Ieri sera ho
visto il mio primo spettacolo in teatro da quando è scoppiata la pandemia. Mi
sono accorto così che anche per fare lo spettatore occorre una disciplina che
dopo più di due anni a casa va riconquistata. Lo spettacolo, Museo Pasolini di
Ascanio Celestini – due ore assai belle ma impegnative, com’è giusto, perché uno
spettacolo serio deve dare ma deve anche chiedere – si è trasformato presto in
una lotta fra immaginazione e corpo, con la mia immaginazione che spingeva per
uscire e sollevarsi e il mio corpo che mi rimproverava, e faceva i capricci,
per riprendere peso.
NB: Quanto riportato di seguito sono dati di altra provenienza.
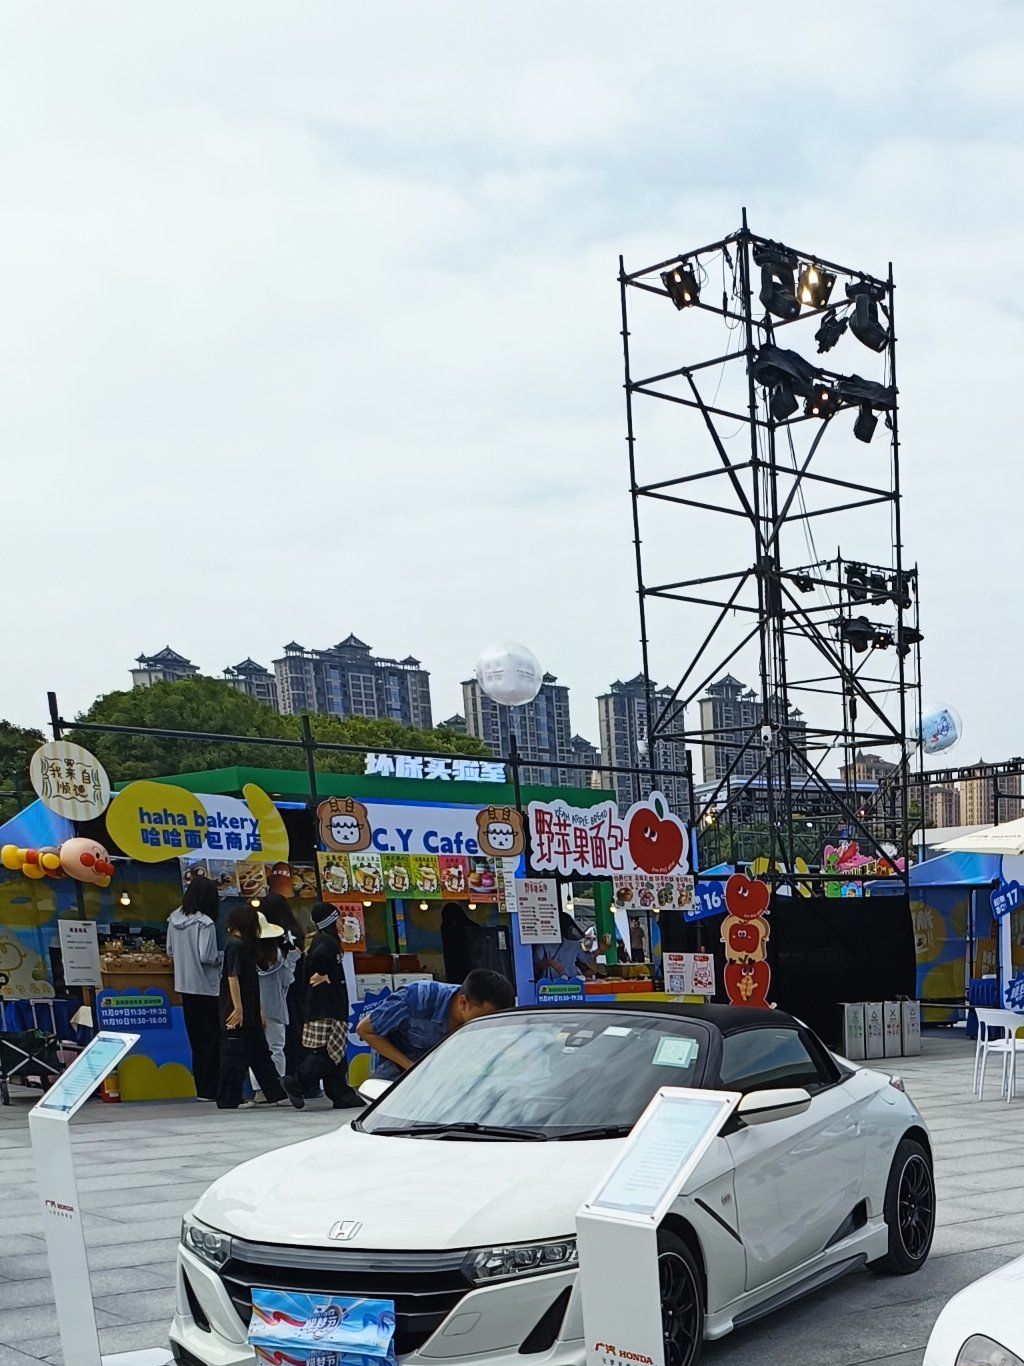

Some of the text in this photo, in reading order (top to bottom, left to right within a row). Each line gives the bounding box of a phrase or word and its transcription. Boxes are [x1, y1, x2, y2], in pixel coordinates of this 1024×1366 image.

[364, 753, 507, 783] 环保实验室
[138, 806, 260, 835] haha bakery
[554, 806, 608, 827] YEAH APPLE BREAD
[141, 827, 263, 852] 哈哈面包商店
[372, 827, 479, 855] C.Y Cafe
[534, 807, 625, 871] 野苹果面包
[703, 891, 722, 910] 16
[1006, 887, 1018, 906] 17
[619, 1350, 654, 1364] HONDA
Ma quanto è scomoda questa poltrona? Mi fa male la
schiena, mi si sta addormentando la gamba! E questa mascherina quant’è odiosa!
Mi sembra di portare una museruola! Mi manca l’aria, mi sta salendo il mal di
testa, ecco che mi sta pulsando un occhio, è la prova che sta per partirmi un
vaso sanguigno, maledetta museruola! Oddio, devo riprendere fiato, mi serve una
pausa, fatemi alzare, non riesco più a seguire cosa dice… e se l’abbassassi
piano piano sul mento e mi prendessi una boccata d’aria, mi noterà qualcuno? Ma
non c’è storia, devo, o quello o vado in ipoventilazione! E così avremo due
poeti morti stasera, Pier Paolo Pasolini e Vitantonio Lillo, uno ammazzato dal
fascismo e l’altro dalla mascherina. Ma quella che mi scalcia dalla poltrona
dietro che vuole, starà soffocando anche lei? Madonna, meglio non pensarci, meglio
concentrarsi sulle parole… Ma qui mi sta venendo fame, sono due ore che Ascanio
parla di maritozzi nel caffè, di caciare e caciotte, di mangiarsi gli elefanti
del circo! E se comincia a brontolarmi lo stomaco si sentirà in sala? Ma come
fa a parlare così tanto senza incepparsi? Gli verrà mai sete? E il mal di gola?
Si scorderà le parole qualche volta? E con un corpo così piccolo, dove le terrà
nascoste?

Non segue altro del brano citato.